Only the pictures are to be dropped; the rest of the data below is to be duplicated exactly.

*** Block opens ***

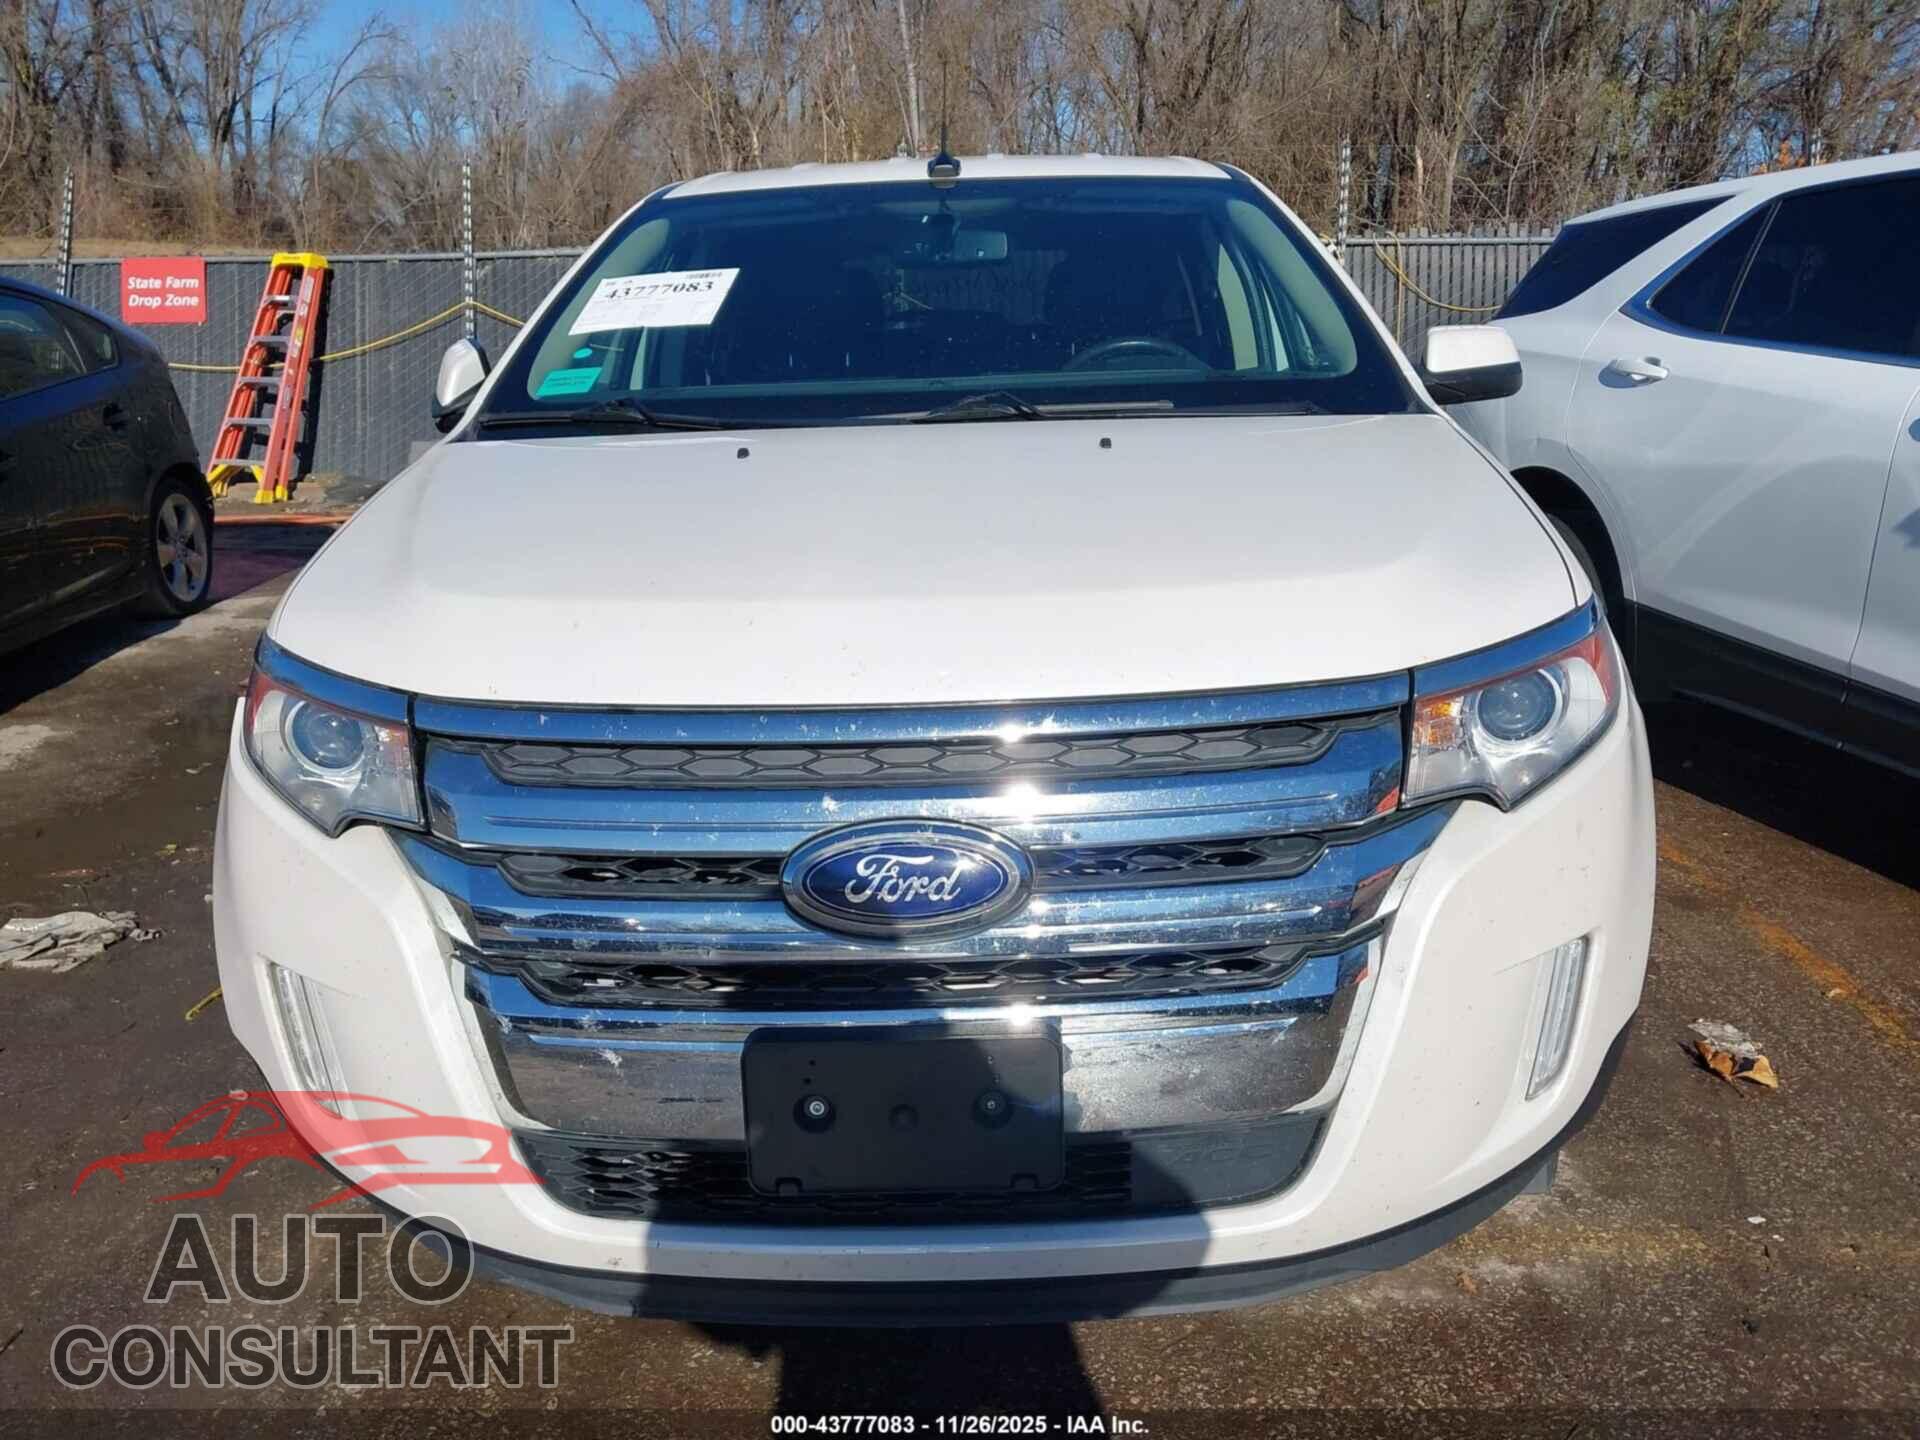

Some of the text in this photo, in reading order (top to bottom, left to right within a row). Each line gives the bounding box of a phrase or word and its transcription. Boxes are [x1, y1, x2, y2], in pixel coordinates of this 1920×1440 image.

[127, 276, 199, 289] State Farm
[605, 280, 714, 299] 43777083
[128, 293, 199, 309] Drop Zone
[844, 853, 962, 903] Ford

*** Block closes ***

### Your solution
Some of the text in this photo, in reading order (top to bottom, left to right within a row). Each line gives the bounding box of a phrase or word and its transcription. Boxes are [x1, y1, x2, y2], in pixel coordinates of this 1920×1440 image.

[127, 276, 199, 289] State Farm
[605, 280, 714, 299] 43777083
[128, 293, 199, 309] Drop Zone
[844, 853, 962, 903] Ford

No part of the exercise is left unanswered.